Ik ken ondertussen geen beroepsgroep die zo nonchalant en vrijblijvend met inhoud goochelt als beroepspolitici.

Het ‘feest van de democratie’ zit er voorlopig weer op, al was de sfeer op de redactievloer van Studio 5 tijdens de verkiezingsshow van de VRT er dit jaar vooral een van onderdrukte neerslachtigheid. Dé remedie om uit de politieke impasse te geraken, was volgens Corelio-hoofdredacteur Peter Vandermeersch, deze keer ‘een hele goeie campagne te voeren’.

Een suggestie, even naïef als de heruitgave van stuntelig geassembleerde stemtesten. Opvallend genoeg liet een aantal commentatoren en opiniemakers zich achteraf tevreden uit over de campagne-inhoud die politici, de media en zijzelf, de kiezer in de aanloop naar 13 juni voorschotelden.

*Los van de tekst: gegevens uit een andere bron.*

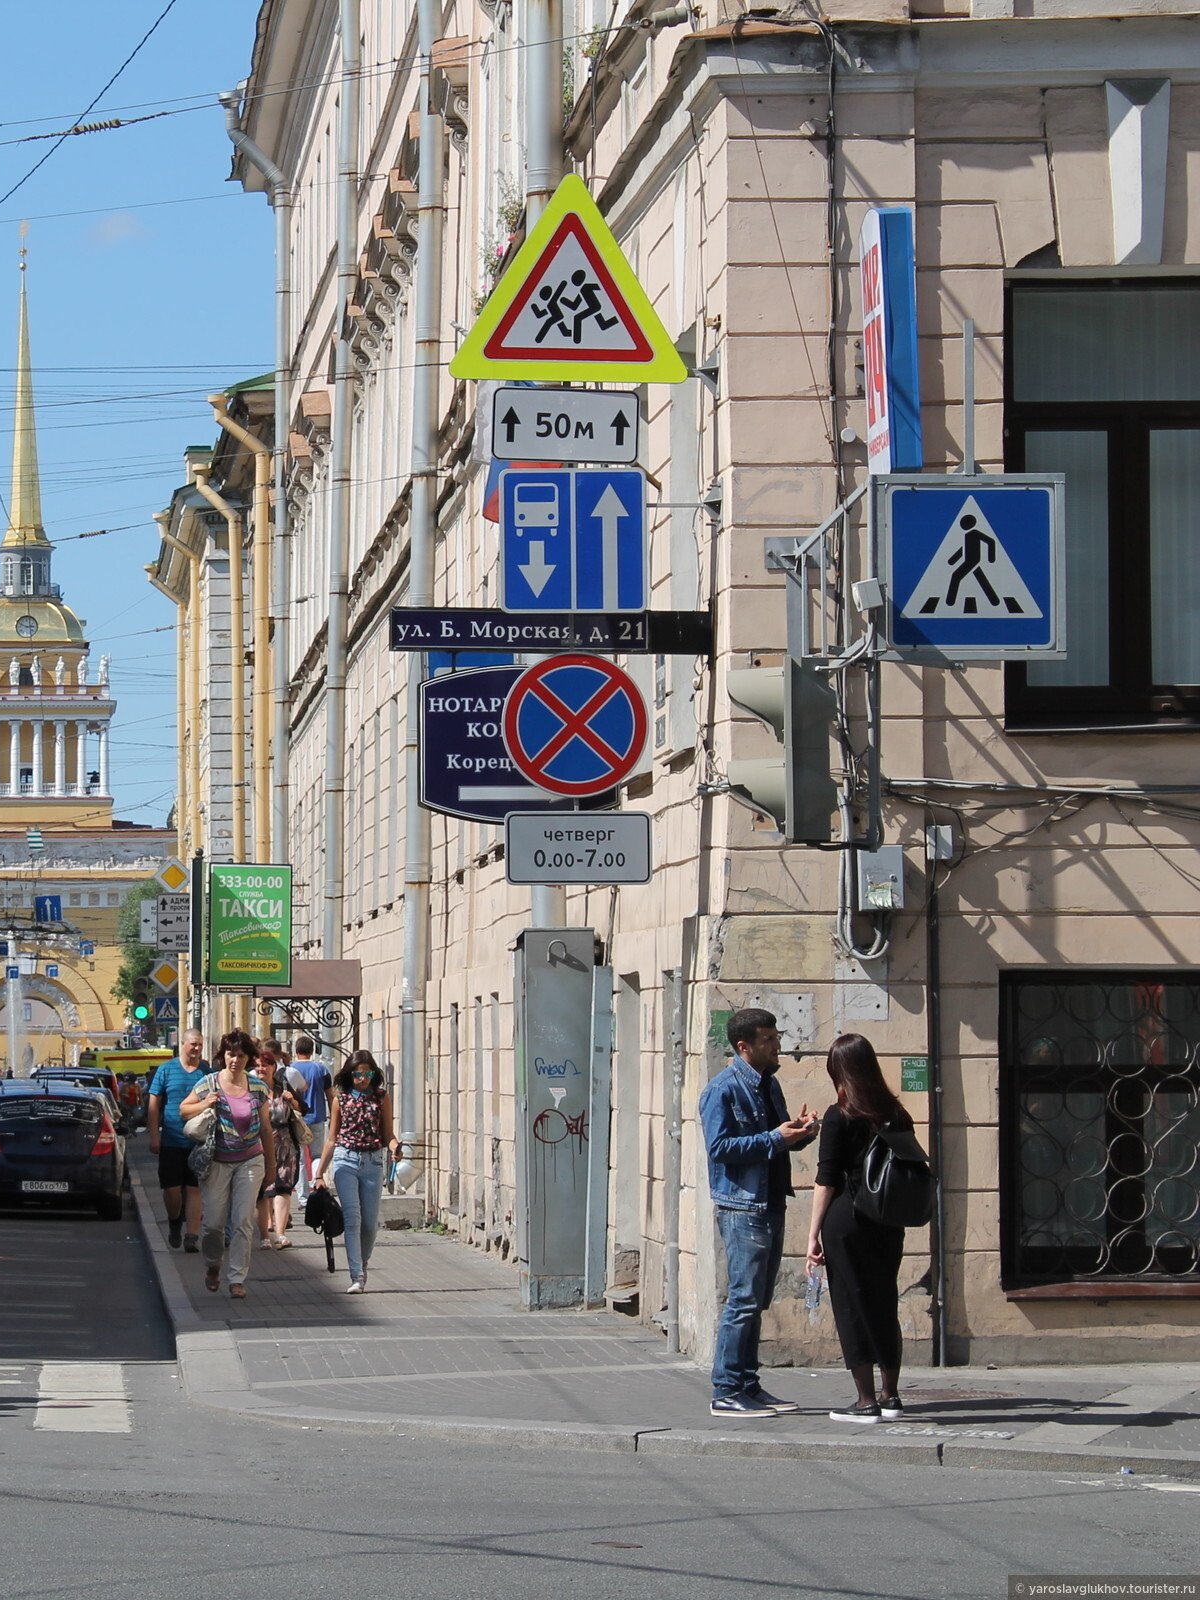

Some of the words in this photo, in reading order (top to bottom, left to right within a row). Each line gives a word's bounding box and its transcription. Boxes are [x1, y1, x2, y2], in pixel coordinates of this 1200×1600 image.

[535, 412, 594, 440] 50м
[397, 624, 431, 641] ул.
[440, 621, 461, 638] Б.
[470, 622, 581, 642] Морская,
[589, 626, 609, 642] д.
[619, 621, 645, 640] 21
[428, 697, 506, 713] НОТАР
[467, 722, 503, 738] КО
[447, 754, 517, 773] Корец
[544, 829, 615, 845] четверг
[534, 849, 626, 867] 0.00-7.00
[218, 875, 283, 889] 333-00-00
[218, 899, 283, 918] ТАКСИ
[220, 961, 278, 970] ТАКСОВИЧКОФ.РФ

Het vergt een behoorlijke inspanning om nog langer mee te gaan in de stelling dat verkiezingen over inhoud moeten gaan. De roep om inhoud heeft de dwangmatige omgang van politici met de media immers enkel maar versterkt en het inhoudelijk debat vermolmd tot voorgeprogrammeerde robottaal, lichtzinnige metaforen, mediatieke oneliners en trivialiteiten op maat van de redactionele agenda’s. Ik ken ondertussen geen beroepsgroep die zo nonchalant en vrijblijvend met inhoud goochelt als beroepspolitici.

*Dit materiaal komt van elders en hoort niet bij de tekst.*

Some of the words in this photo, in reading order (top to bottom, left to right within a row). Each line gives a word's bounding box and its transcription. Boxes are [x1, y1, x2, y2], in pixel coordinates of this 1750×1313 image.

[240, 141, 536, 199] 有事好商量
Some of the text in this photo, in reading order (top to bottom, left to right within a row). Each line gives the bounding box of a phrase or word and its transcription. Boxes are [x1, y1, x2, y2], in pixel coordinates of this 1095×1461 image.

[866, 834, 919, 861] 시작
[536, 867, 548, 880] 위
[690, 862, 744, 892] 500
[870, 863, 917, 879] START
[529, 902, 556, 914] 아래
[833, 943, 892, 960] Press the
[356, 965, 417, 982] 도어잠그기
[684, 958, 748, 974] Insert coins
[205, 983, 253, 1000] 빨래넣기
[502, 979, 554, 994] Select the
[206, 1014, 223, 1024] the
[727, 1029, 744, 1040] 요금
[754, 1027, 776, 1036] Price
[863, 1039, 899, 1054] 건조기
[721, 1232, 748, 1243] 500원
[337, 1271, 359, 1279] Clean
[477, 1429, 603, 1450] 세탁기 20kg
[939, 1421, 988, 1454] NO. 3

De moderne homo politicus is meer dan ooit slaaf van een schier eindeloze reeks van journalistieke ‘verplichtingen’ en laat er zich gewillig en obsessioneel door meesleuren en verslinden. Inhoud is daarbij nog hoofdzakelijk een instrument in dienst van tactische profilering en strategische beeldvorming. Weinig journalisten lijken gebrand om die wijsheid te ontmaskeren.

Toen P-Magazine-redacteur Raf Liekens voor de verkiezingen in een opmerkelijke open brief opriep voor ‘een eerlijke verkiezingsberichtgeving’, kreeg hij die nergens gepubliceerd.

Er is een eenvoudige basisregel die stelt dat wanneer identiteit (‘wie ik ben’), communicatie (‘wat ik zeg’) en reputatie (‘wat ik doe’) uit balans raken, de onvermijdelijke afgrond wenkt. In de paarse periode tussen 1999 en 2007 hield het politieke bedrijf de band met de beleidsrealiteit voor bekeken en werd die gewillig opgeofferd aan perceptie met als orgelpunt de constructie van de virtuele modelstaat, gedragen door de slogan ‘Ons land staat er weer’. Sedertdien lijkt het politieke bedrijf zichzelf verkiezing na verkiezing in ongeloofwaardigheid te overtreffen.

Open VLD kon al toezien hoe haar ‘nieuwe start’ 48 uur na de verkiezingen in eigen rangen werd verbogen tot ‘een valse start’. Het electoraat klampt zich ondertussen vast aan de zeldzame bakens van geloofwaardigheid die bij elke verkiezing op de woelige wateren van het politieke wantrouwen en ongenoegen komen bovendrijven.

Het inzicht dat geloofwaardige communicatie de sleutel is tot electoraal succes, zou de ingewikkelde zoektochten naar de achtergronden en motieven van de kiezer aanzienlijk kunnen vereenvoudigen. ‘Het verschil is dat ik meen wat ik zeg’, verklaarde Bart De Wever meermaals, al klinkt ook dat surrealistisch in de wetenschap dat dat niet noodzakelijk geldt voor de andere partners die straks de beleidskoers mee zullen maken of kraken.